Stratificazione di etnie nel senso della latitudine? Così sembra di capire: la bravura degli operatori consentiva, oltre alla precisione di riportare in così poco spazio i segni distintivi delle armi di offesa e di difesa e il resto dell’abbigliamento, di “fotografare” le caratteristiche somatiche del volto del rappresentato da decretarne l’appartenenza a un gruppo etnico (non usiamo la parola razza ché non è corretto) piuttosto che a un altro.
Perché no? non è inverosimile. Se così fosse, però, ci dovrebbe essere, per un esperto, la possibilità di individuare quanti atelier operassero in Sardegna e avremmo fatto un bel passo avanti nella determinazione dei popoli che abitavano a quei tempi la nostra isola. Ma, a ripensarci, non è necessario avere contezza del numero degli atelier per stabilire quante etnie ci fossero, già lo sappiamo, ce lo ha detto Marcello, erano tre: 1) visi semiconici con motivo a T e occhi piccoli tondi e sporgenti; 2) visi arrotondati, stacco della mascella inferiore e occhi grandi (Campidano); 3) testa cilindrica e occhi a mandorla (Sulcis).
Chi sa come eravamo noi del Sarcidano? Come i Campidanesi? Come quelli del capo di sopra? Speriamo non fossimo come i Sulcitani.

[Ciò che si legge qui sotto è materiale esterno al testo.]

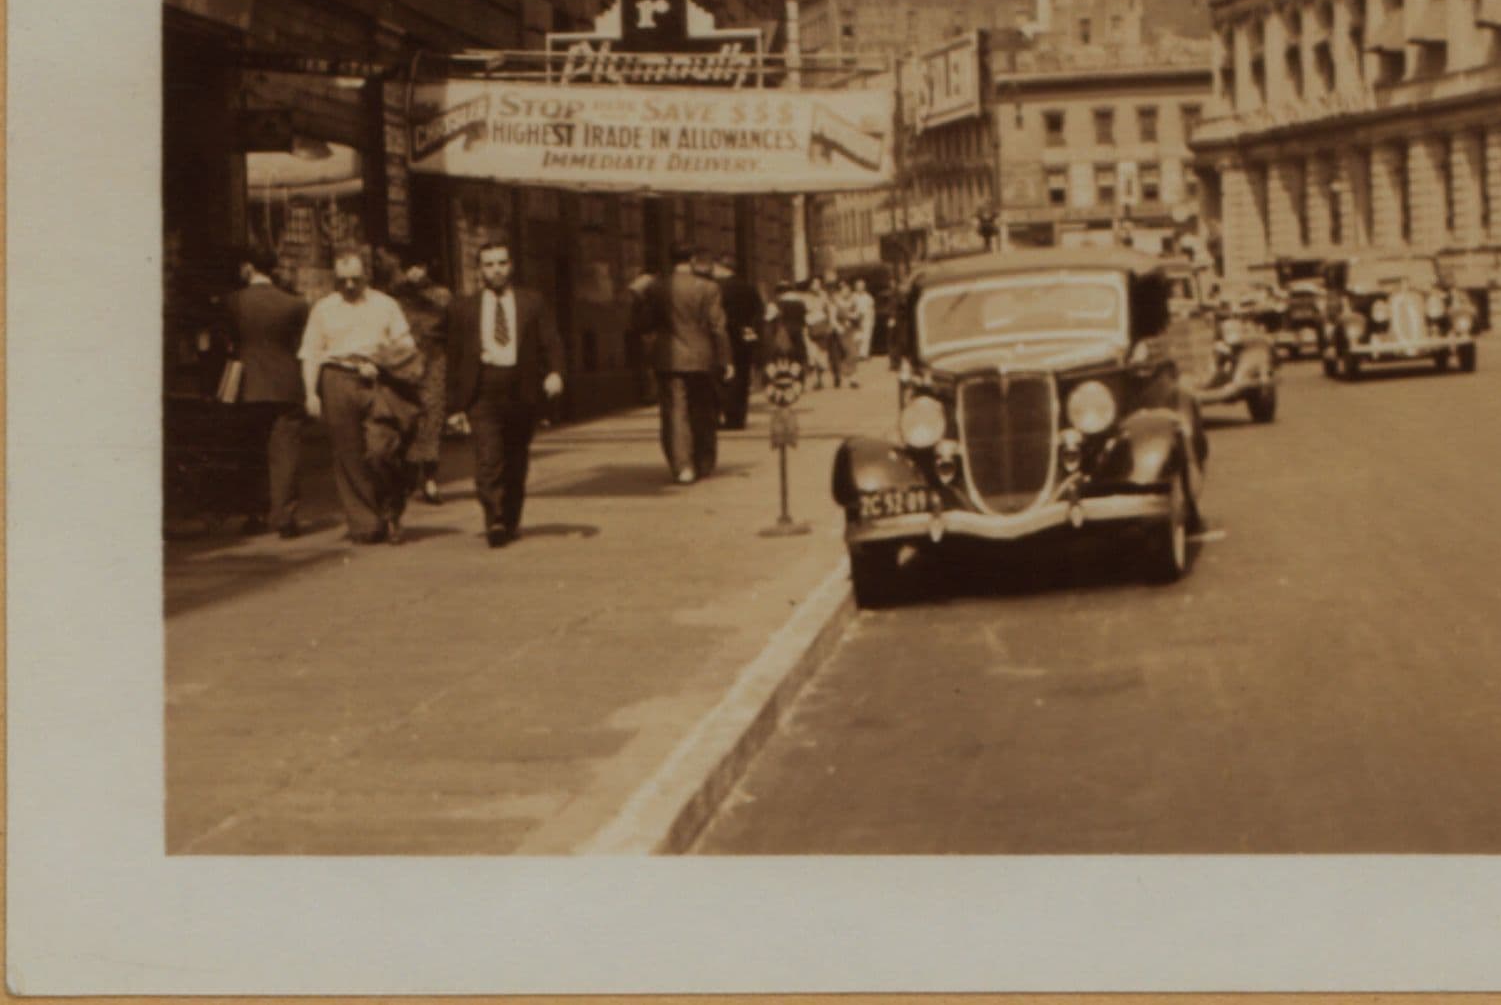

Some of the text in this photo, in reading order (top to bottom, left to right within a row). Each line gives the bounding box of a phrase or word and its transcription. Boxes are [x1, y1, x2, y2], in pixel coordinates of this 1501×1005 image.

Mi ricorda troppo il “concherubu” ( scritto così come suona) con cui a Cagliari indicavano i non dotati di mente eccelsa.
Divertissement a parte, mi rimane difficile capire come permanessero "lacanas" così robuste, invalicabili si direbbe, tra zona e zona della Sardegna da cristallizzare le caratteristiche somatiche delle persone, quasi fossero di specie diversa.

Pierluigi Montalbano ha detto...

Una prima ricerca, diciamo quindi che questo dato è ufficioso, vede:
1 da Costa Nighedda, Oliena
2 da Tula (SS) – Badu’e Trovu
1 da Vetulonia – Grosseto
4 da località sconosciute
In totale abbiamo almeno 8 navicelle con le corna pomellate.
Molte navicelle hanno protomi con corna spezzate, pertanto non possiamo sapere se in quelle c’erano i globetti.

Unknown ha detto...

@Pierluigi
Mille grazie per le notizie, mi scuso di non aver risposto prima in quanto stavo al lavoro!
Se si potesse trovare un'attinenza(localita o regione) tra le navicelle con motivi spiraleggianti e i guerrieri decorati con le spirali sarebbe un bel passo!! chi se la sente di spulciare????

Pierluigi Montalbano ha detto...

Ci sono anche le navicelle...spiraleggianti, nonché le ceramiche del periodo. Ma se scrivo non posso fare ricerca...e viceversa.